Decide act-versus-escalate. The final call: contain the device now, revoke the sessions and refresh tokens, or escalate to a human. That decision depends on blast radius and business impact, which is exactly the context the native agents do not hold. A persistent knowledge graph that resolves the same user, host, and session across all of these tools is what makes blast-radius reasoning possible in the first place.

This is the human-intelligence layer. The agents investigate; the judgment of which verdict to trust, weighed against what your team knows, is the work that was never in any document and never will be.

Toward an autonomous SOC

The industry talks about the autonomous SOC as if more capable investigation agents will get us there. They won't, on their own. Today only about 14% of enterprises let AI take independent remediation actions, while 70% keep a human in the loop, and that ratio reflects a real gap, not just caution. The agents can investigate. What is missing is the layer that decides whether to trust a given investigation, reconciles it against the other agents, and weighs it against organizational context before anything acts.

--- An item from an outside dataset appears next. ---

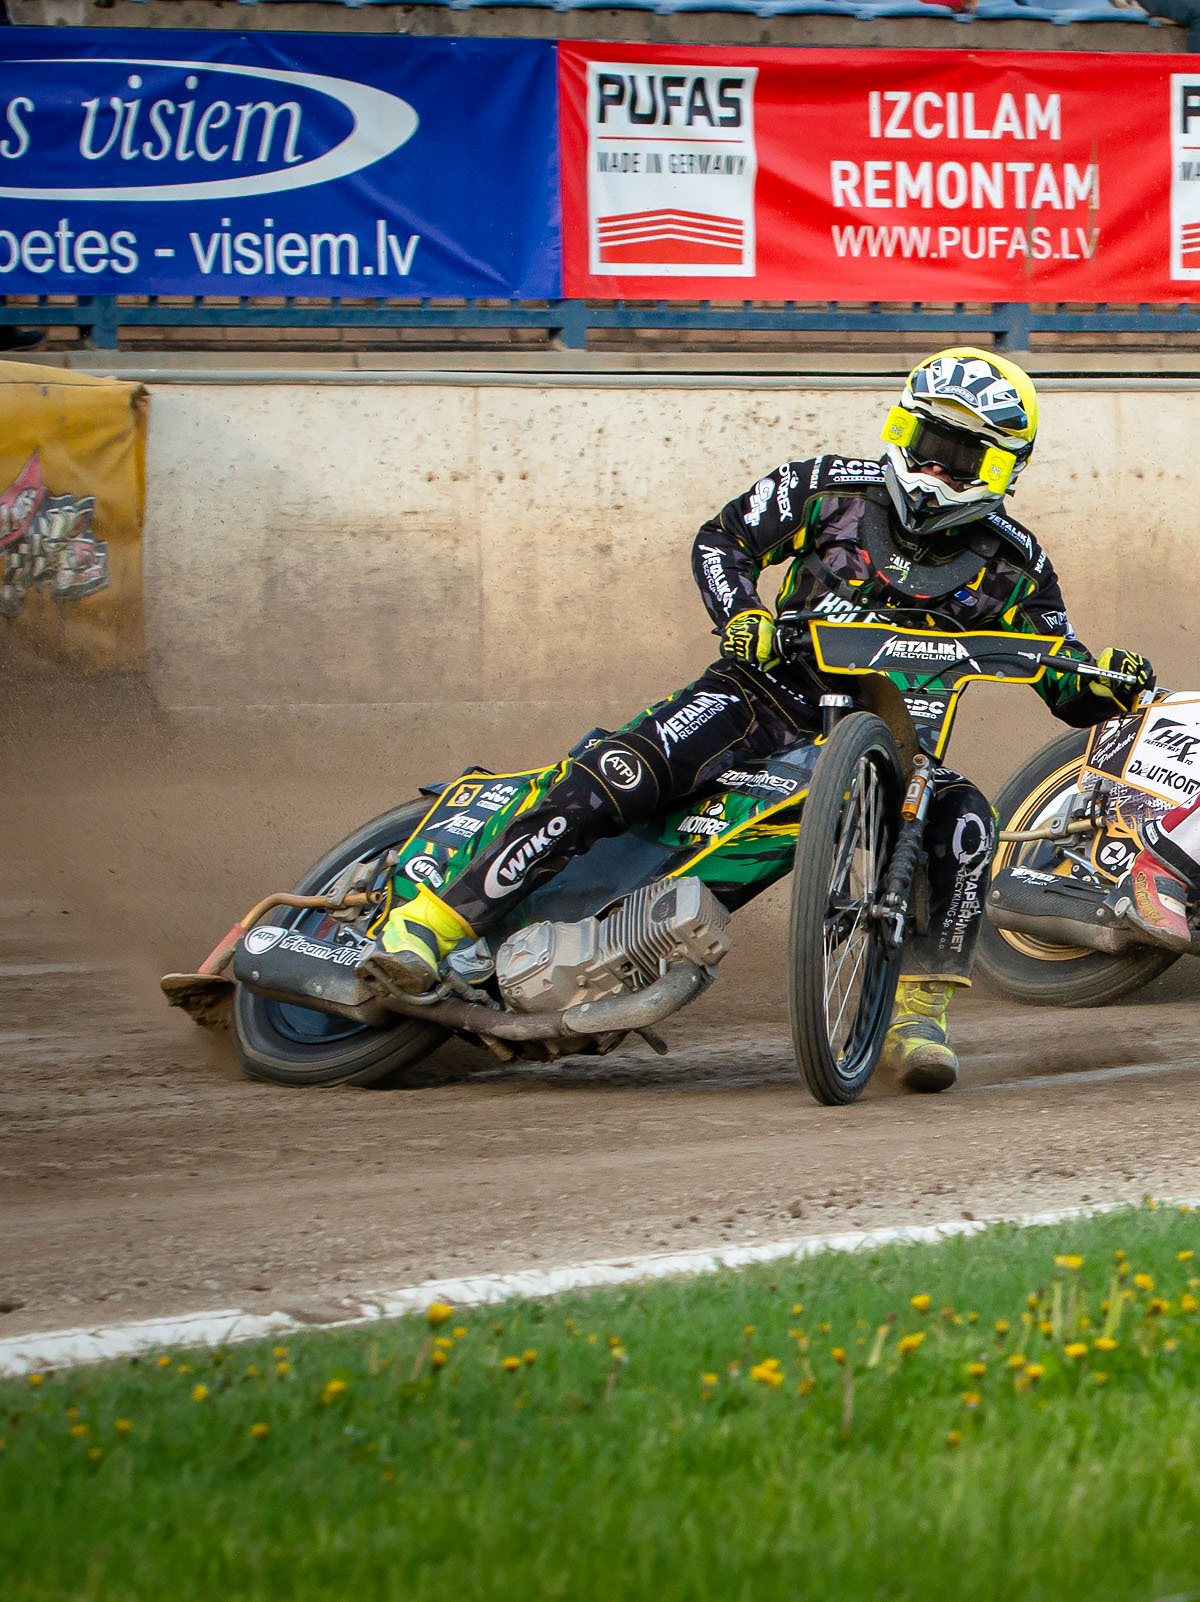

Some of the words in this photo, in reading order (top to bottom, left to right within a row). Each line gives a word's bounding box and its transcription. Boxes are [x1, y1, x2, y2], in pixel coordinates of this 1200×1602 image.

That is the missing piece for full autonomy. Orchestration coordinates the agents; judgment makes their output trustworthy enough to act on without a human reading every verdict. Build that layer, feed it the organizational memory that compounds month over month, and the human-in-the-loop percentage can fall because the loop has been encoded, not because anyone got reckless.

The native agents have won the investigation layer, and that is fine. The next layer up, orchestrating those agents and judging their verdicts with the human intelligence your team holds, is open, vendor-neutral by necessity, and exactly where Cade is built to sit. That is what turns a fleet of competing native agents into a single SOC that can eventually run itself.